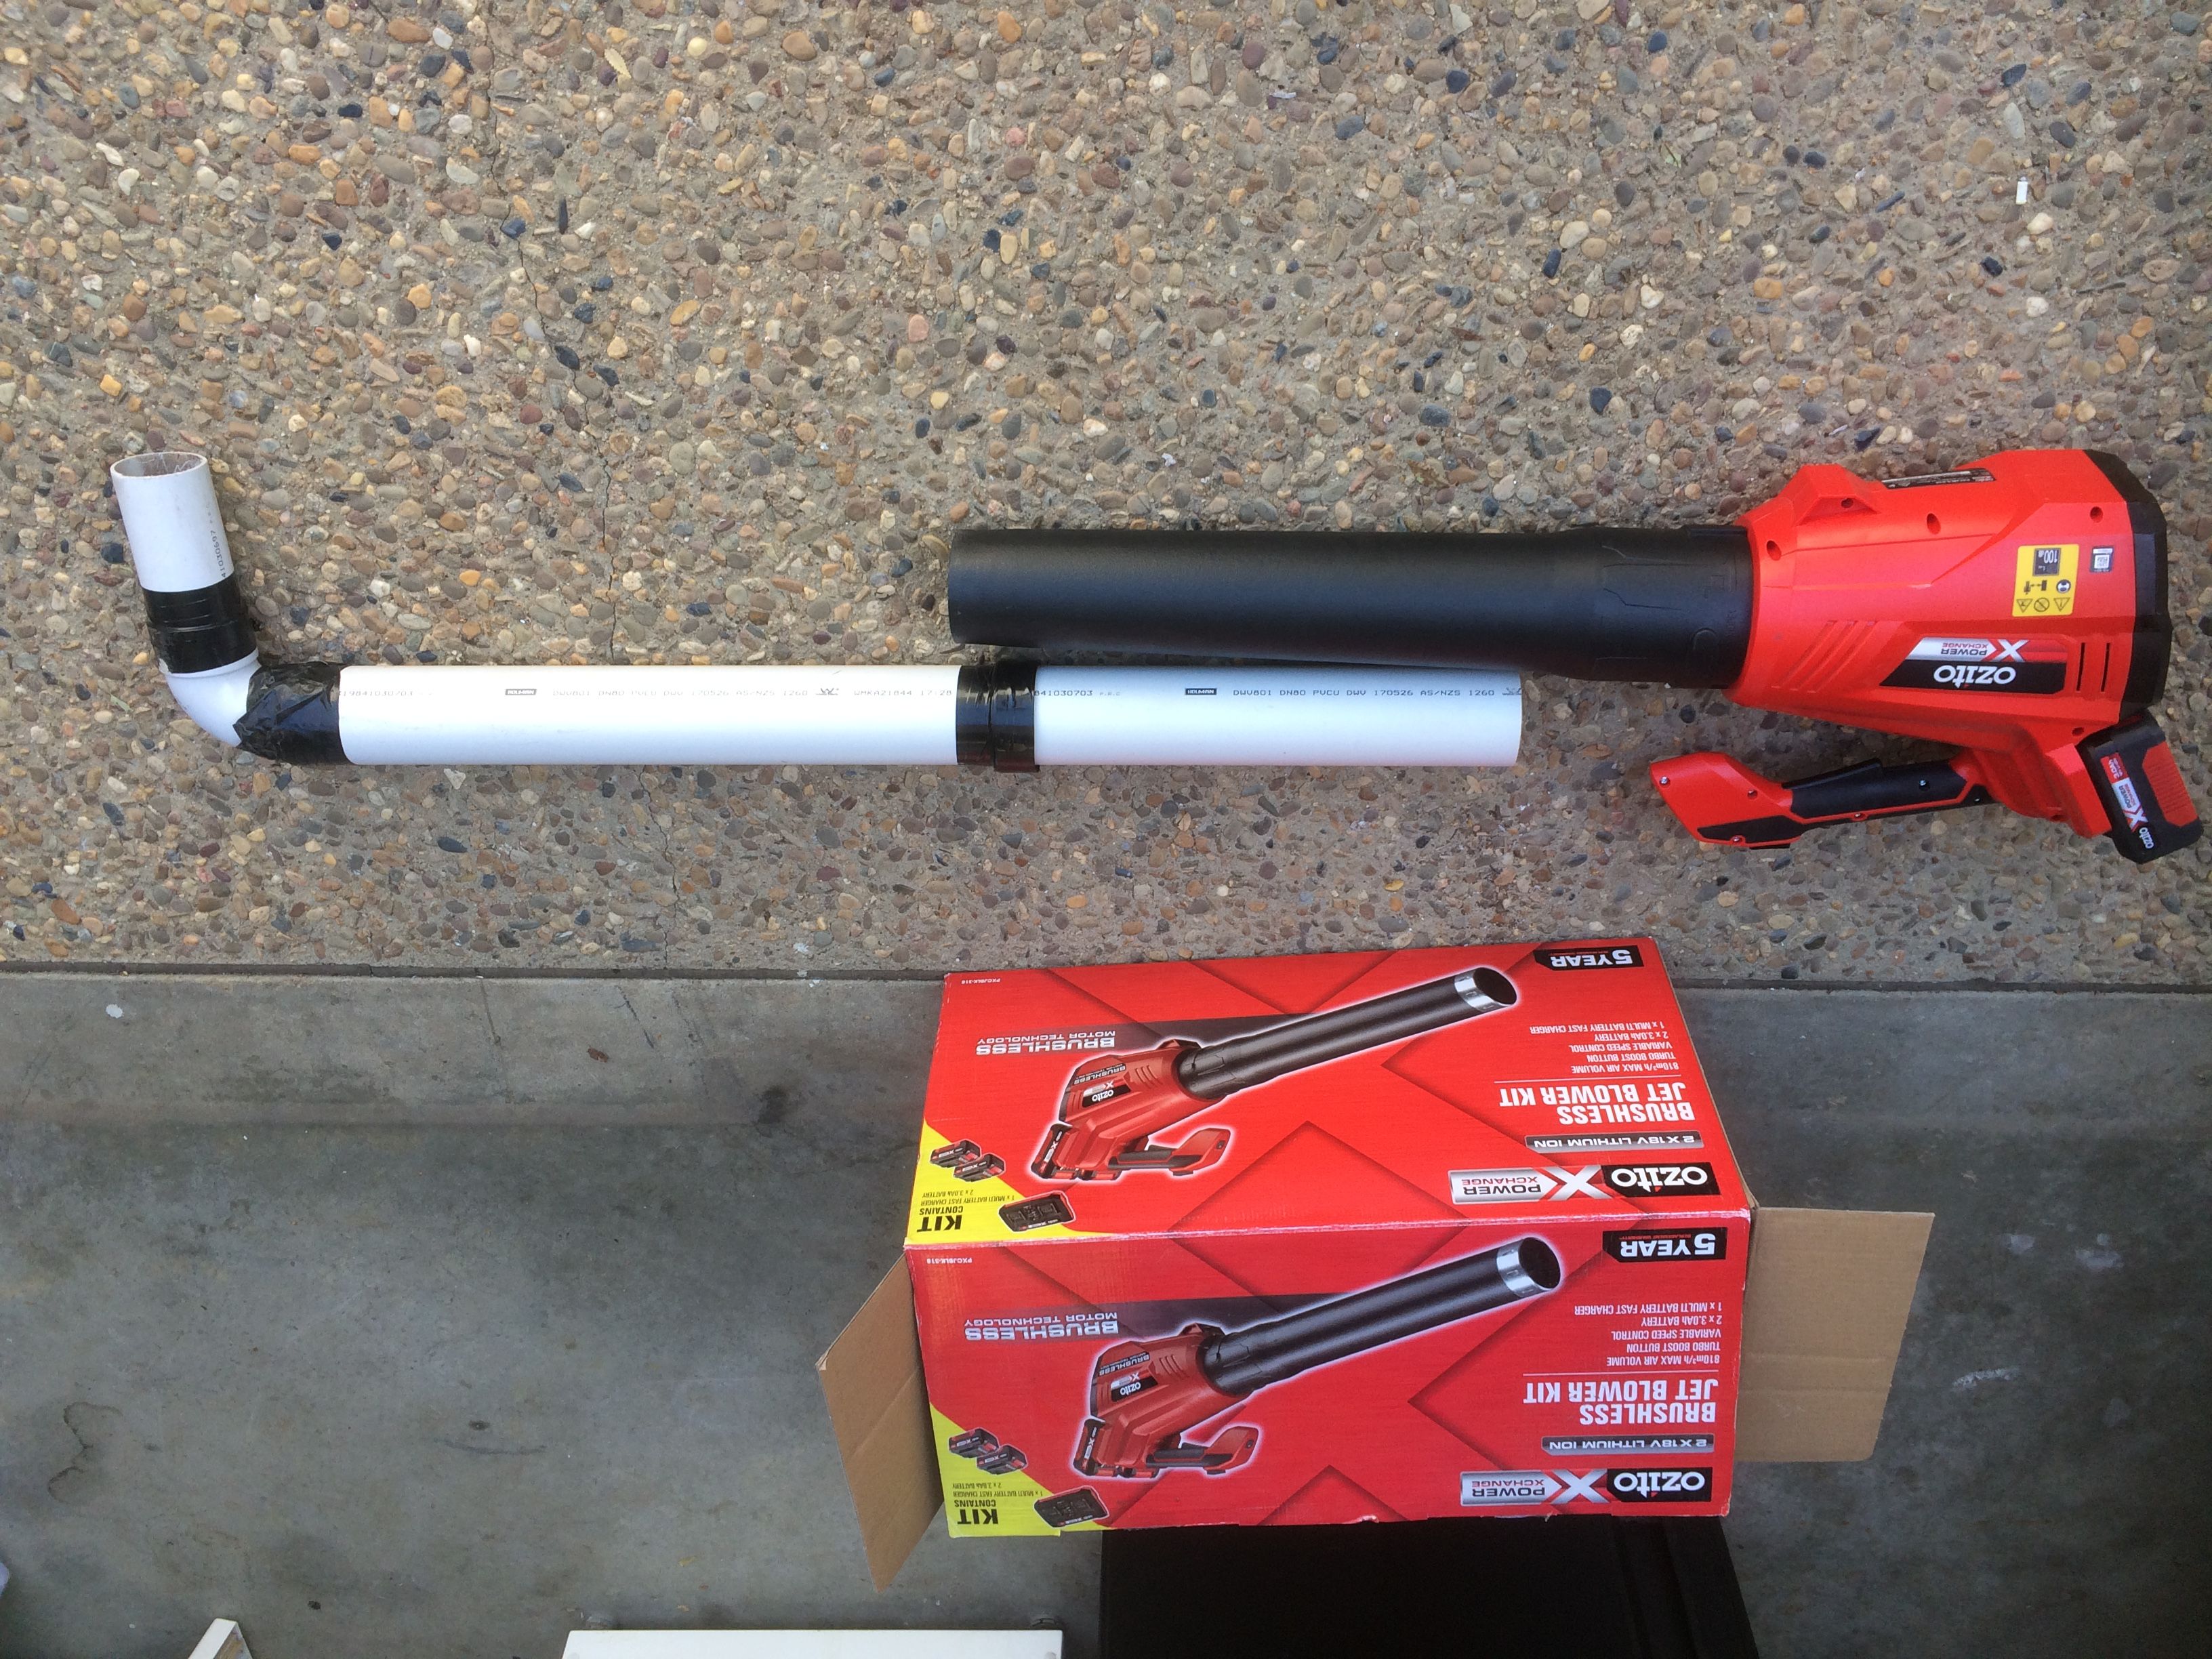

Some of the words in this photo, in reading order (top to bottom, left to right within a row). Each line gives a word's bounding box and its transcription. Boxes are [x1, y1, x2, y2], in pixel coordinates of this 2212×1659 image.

[2043, 550, 2058, 564] 100
[2118, 785, 2132, 808] POWER
[1550, 954, 1613, 967] YEAR
[1612, 949, 1633, 964] 5
[1530, 1025, 1565, 1034] CHARGER
[1568, 1024, 1589, 1033] FAST
[1590, 1023, 1624, 1032] BATTERY
[977, 1033, 1064, 1044] TECHNOLOGY
[1069, 1031, 1115, 1039] MOTOR
[1595, 1033, 1629, 1042] BATTERY
[1631, 1031, 1654, 1040] 3.0Ah
[1663, 1031, 1668, 1039] 2
[976, 1037, 1115, 1056] BRUSHLESS
[1569, 1044, 1605, 1052] CONTROL
[1607, 1042, 1631, 1051] SPEED
[1632, 1041, 1673, 1050] VARIABLE
[1586, 1054, 1619, 1063] BUTTON
[1621, 1052, 1647, 1061] BOOST
[1649, 1051, 1676, 1060] TURBO
[1571, 1065, 1605, 1073] VOLUME
[1607, 1064, 1620, 1072] AIR
[1622, 1063, 1643, 1071] MAX
[1499, 1087, 1536, 1107] KIT
[1540, 1084, 1640, 1105] BLOWER
[1647, 1082, 1686, 1102] JET
[1557, 1102, 1696, 1125] BRUSHLESS
[1534, 1140, 1562, 1148] ION
[1568, 1137, 1629, 1147] LITHIUM
[1462, 1176, 1538, 1185] XCHANGE
[1463, 1184, 1542, 1195] POWER
[920, 1206, 963, 1215] CONTAINS
[916, 1215, 962, 1232] KIT
[1620, 1239, 1692, 1257] YEAR
[1694, 1233, 1716, 1255] 5
[1574, 1305, 1614, 1315] CHARGER
[1616, 1305, 1638, 1315] FAST
[1640, 1303, 1679, 1313] BATTERY
[1681, 1303, 1707, 1312] MULTI
[1718, 1302, 1722, 1311] 1
[964, 1315, 1061, 1326] TECHNOLOGY
[1065, 1312, 1117, 1321] MOTOR
[1641, 1316, 1679, 1327] BATTERY
[1682, 1315, 1706, 1325] 3.0Ah
[1716, 1315, 1722, 1325] 2
[964, 1320, 1118, 1340] BRUSHLESS
[1611, 1330, 1649, 1340] CONTROL
[1652, 1330, 1677, 1339] SPEED
[1680, 1328, 1721, 1338] VARIABLE
[1627, 1343, 1660, 1353] BUTTON
[1662, 1343, 1689, 1352] BOOST
[1693, 1341, 1721, 1351] TURBO
[1607, 1356, 1641, 1366] VOLUME
[1644, 1356, 1658, 1366] AIR
[1661, 1355, 1681, 1365] MAX
[1523, 1382, 1561, 1404] KIT
[1568, 1380, 1667, 1402] BLOWER
[1675, 1379, 1719, 1400] JET
[1580, 1402, 1716, 1425] BRUSHLESS
[1549, 1441, 1577, 1450] ION
[1582, 1440, 1645, 1449] LITHIUM
[1696, 1439, 1707, 1448] 2
[1472, 1479, 1544, 1488] XCHANGE
[1472, 1488, 1545, 1497] POWER
[954, 1499, 996, 1507] CONTAINS
[957, 1509, 999, 1524] KIT
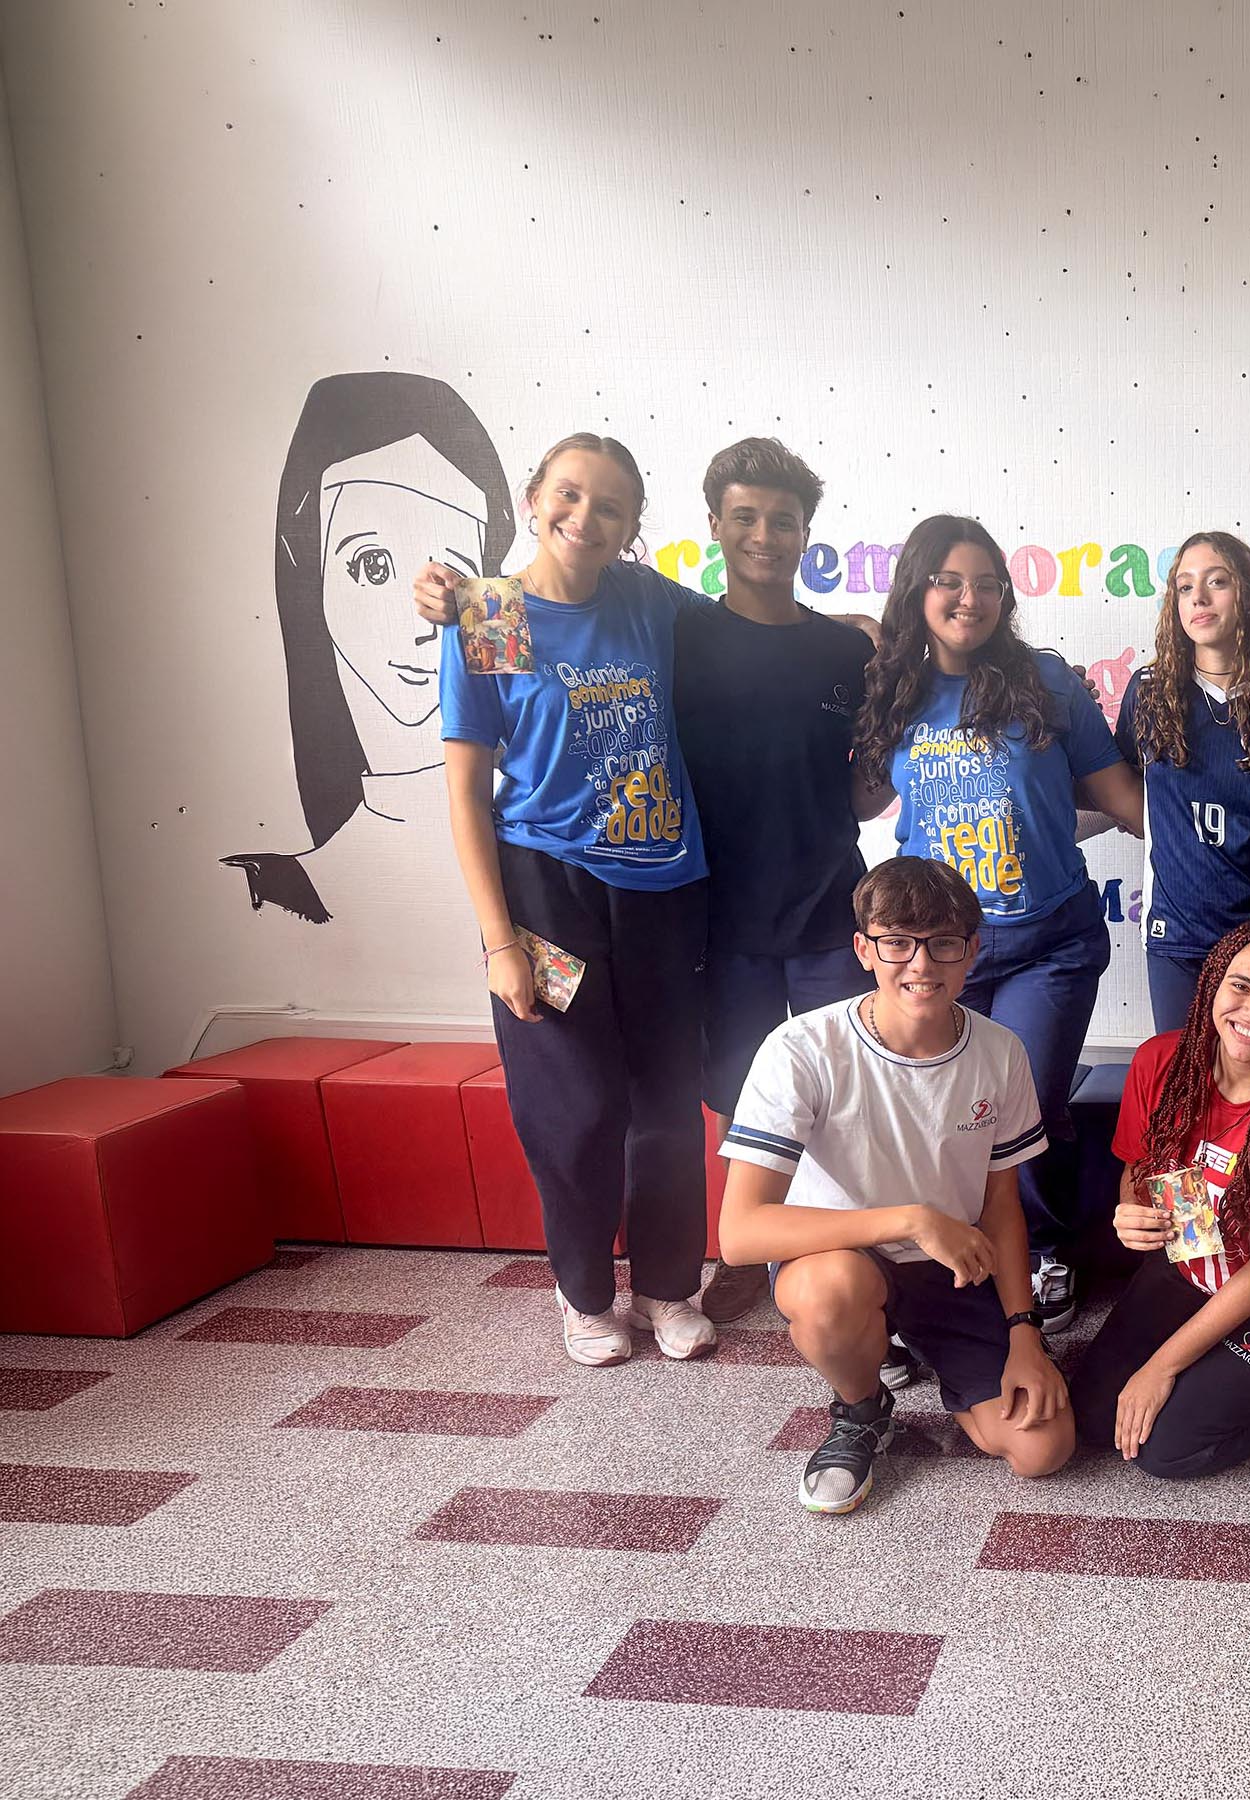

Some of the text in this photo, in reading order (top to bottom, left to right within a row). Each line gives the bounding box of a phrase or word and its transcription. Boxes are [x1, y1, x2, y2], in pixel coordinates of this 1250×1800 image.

[569, 678, 652, 710] sonhamos
[584, 698, 647, 732] juntos
[919, 753, 981, 784] juntos
[920, 764, 1007, 808] apenas
[934, 797, 1012, 829] começo
[1191, 801, 1226, 847] 19
───
REQUIRED ACTION —
Nothing but the pictures should be left out when the records are retyped exactly.

YOUR RESPONSE —
Some of the words in this photo, in reading order (top to bottom, left to right within a row). Each line gives a word's bounding box and its transcription. Boxes are [x1, y1, x2, y2], in pixel coordinates of this 2212×1659 image.

[2043, 550, 2058, 564] 100
[2118, 785, 2132, 808] POWER
[1550, 954, 1613, 967] YEAR
[1612, 949, 1633, 964] 5
[1530, 1025, 1565, 1034] CHARGER
[1568, 1024, 1589, 1033] FAST
[1590, 1023, 1624, 1032] BATTERY
[977, 1033, 1064, 1044] TECHNOLOGY
[1069, 1031, 1115, 1039] MOTOR
[1595, 1033, 1629, 1042] BATTERY
[1631, 1031, 1654, 1040] 3.0Ah
[1663, 1031, 1668, 1039] 2
[976, 1037, 1115, 1056] BRUSHLESS
[1569, 1044, 1605, 1052] CONTROL
[1607, 1042, 1631, 1051] SPEED
[1632, 1041, 1673, 1050] VARIABLE
[1586, 1054, 1619, 1063] BUTTON
[1621, 1052, 1647, 1061] BOOST
[1649, 1051, 1676, 1060] TURBO
[1571, 1065, 1605, 1073] VOLUME
[1607, 1064, 1620, 1072] AIR
[1622, 1063, 1643, 1071] MAX
[1499, 1087, 1536, 1107] KIT
[1540, 1084, 1640, 1105] BLOWER
[1647, 1082, 1686, 1102] JET
[1557, 1102, 1696, 1125] BRUSHLESS
[1534, 1140, 1562, 1148] ION
[1568, 1137, 1629, 1147] LITHIUM
[1462, 1176, 1538, 1185] XCHANGE
[1463, 1184, 1542, 1195] POWER
[920, 1206, 963, 1215] CONTAINS
[916, 1215, 962, 1232] KIT
[1620, 1239, 1692, 1257] YEAR
[1694, 1233, 1716, 1255] 5
[1574, 1305, 1614, 1315] CHARGER
[1616, 1305, 1638, 1315] FAST
[1640, 1303, 1679, 1313] BATTERY
[1681, 1303, 1707, 1312] MULTI
[1718, 1302, 1722, 1311] 1
[964, 1315, 1061, 1326] TECHNOLOGY
[1065, 1312, 1117, 1321] MOTOR
[1641, 1316, 1679, 1327] BATTERY
[1682, 1315, 1706, 1325] 3.0Ah
[1716, 1315, 1722, 1325] 2
[964, 1320, 1118, 1340] BRUSHLESS
[1611, 1330, 1649, 1340] CONTROL
[1652, 1330, 1677, 1339] SPEED
[1680, 1328, 1721, 1338] VARIABLE
[1627, 1343, 1660, 1353] BUTTON
[1662, 1343, 1689, 1352] BOOST
[1693, 1341, 1721, 1351] TURBO
[1607, 1356, 1641, 1366] VOLUME
[1644, 1356, 1658, 1366] AIR
[1661, 1355, 1681, 1365] MAX
[1523, 1382, 1561, 1404] KIT
[1568, 1380, 1667, 1402] BLOWER
[1675, 1379, 1719, 1400] JET
[1580, 1402, 1716, 1425] BRUSHLESS
[1549, 1441, 1577, 1450] ION
[1582, 1440, 1645, 1449] LITHIUM
[1696, 1439, 1707, 1448] 2
[1472, 1479, 1544, 1488] XCHANGE
[1472, 1488, 1545, 1497] POWER
[954, 1499, 996, 1507] CONTAINS
[957, 1509, 999, 1524] KIT

Some of the text in this photo, in reading order (top to bottom, left to right within a row). Each line gives the bounding box of a phrase or word and its transcription. Boxes are [x1, y1, x2, y2], in pixel coordinates of this 1250×1800 image.

[569, 678, 652, 710] sonhamos
[584, 698, 647, 732] juntos
[919, 753, 981, 784] juntos
[920, 764, 1007, 808] apenas
[934, 797, 1012, 829] começo
[1191, 801, 1226, 847] 19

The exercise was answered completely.